Figure 3.

Examples of DNA nanostructures for in vitro and in vivo bioimaging. Fundaments of super-resolution microscopy technique (DNA-PAINT) (a) that exploits the complementarity of DNA sequences to provide transient binding of fluorescently labeled DNA strands to DNA docking strands protruding DNA-based nanostructures, adapted with permission from [96] and (b) multiplexing DNA Exchange Imaging (DEI) in complex biological samples, adapted with permission from [99]. Initially, different targets (T1,…Tn) are labeled with antibodies conjugated to orthogonal DNA strands (P1,…Pn) to forming imager strands (P1*, …Pn*). These imager strands can be rapidly and sequentially washed away by buffer exchange allowing efficient multiplexed in situ imaging.
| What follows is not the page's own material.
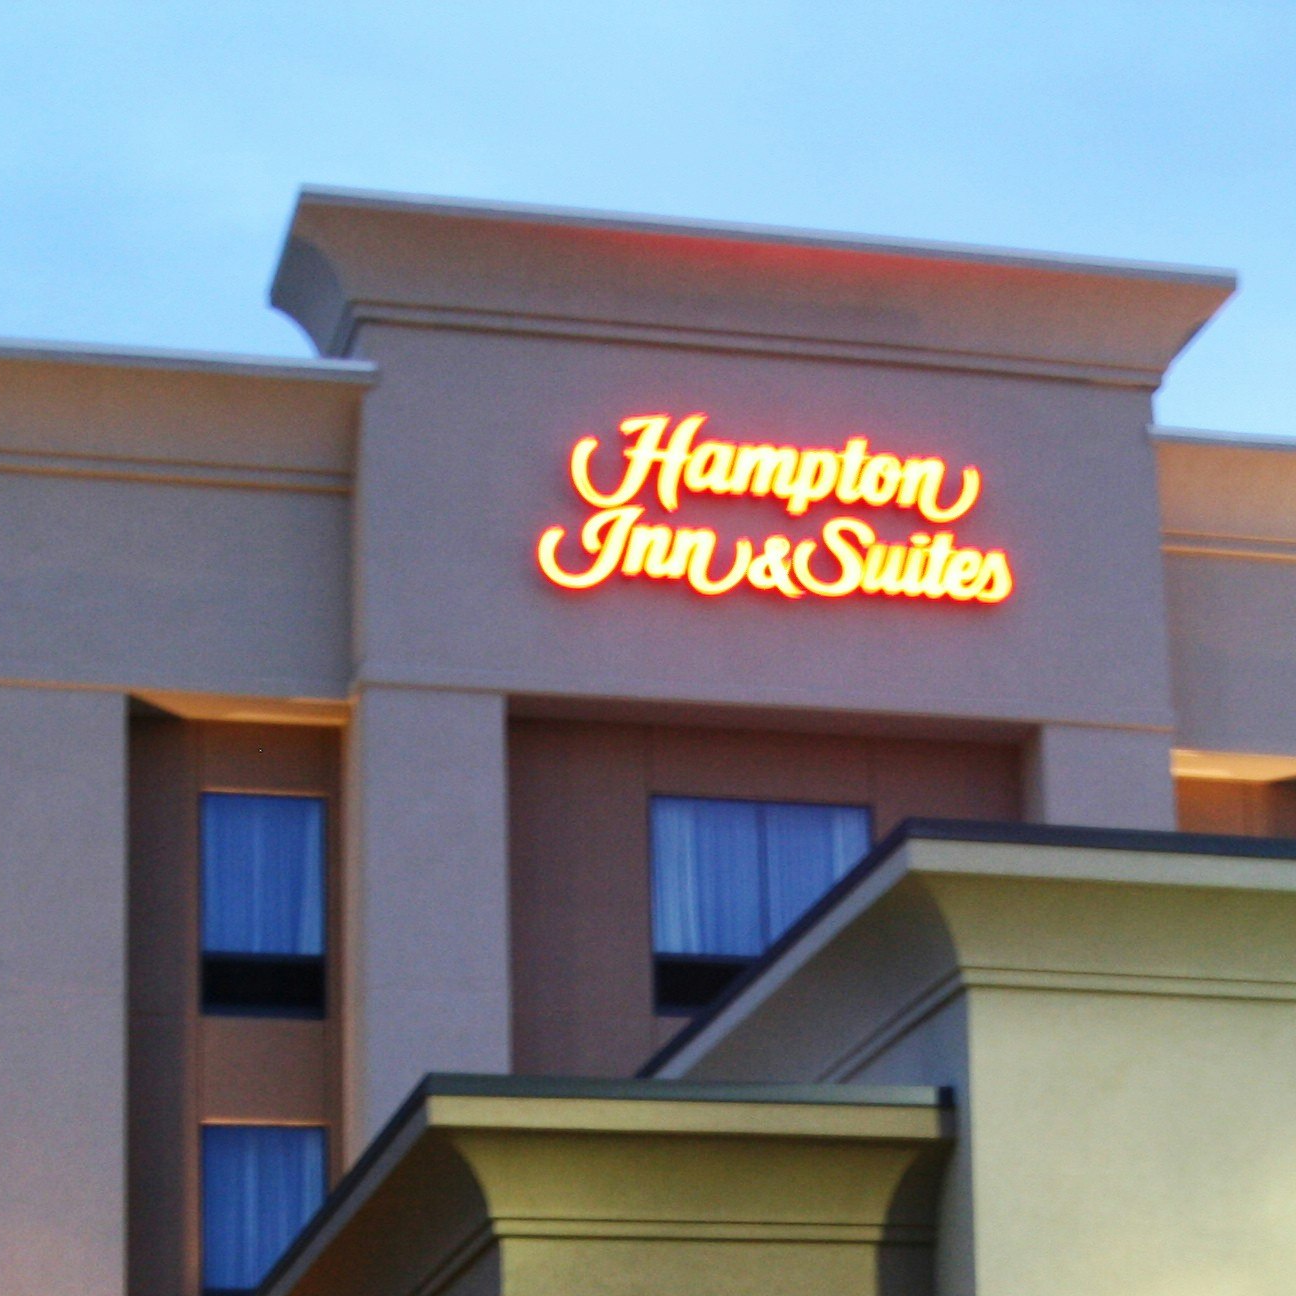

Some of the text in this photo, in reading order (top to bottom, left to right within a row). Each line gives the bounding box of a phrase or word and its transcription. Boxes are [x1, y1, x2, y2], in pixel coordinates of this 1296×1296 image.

[569, 411, 981, 523] Hampton
[537, 504, 752, 596] Inn
[794, 516, 1013, 603] Suites
Hybridization chain reaction (HCR) in situ (c) provides also multiplexed imaging by exploiting the complementarity of RNA probes to mRNA targets triggering chain reactions to produce fluorescent amplified RNA-based polymers, adapted with permission from [70]. Reconfigurable DNA TDN (d) is able to detect intracellular ATP in living cells, adapted with permission from [109]. A fluorescently labeled DNA TDN (e) proved to be a powerful biocompatible imaging probe for brain tumor-targeting, following the cellular uptake in an in vitro BBB model and exhibits biodistribution in mice, adapted with permission from [113]. DNA octahedron (f) encapsulating quantum dots [119] and (g) DNA nanorods barcoded with AuNPs [120] were used as probes to imaging endocytic pathways by following the conjugated photomaterial during the cellular uptake in fixed cells. Adapted with permission from [119] and [120].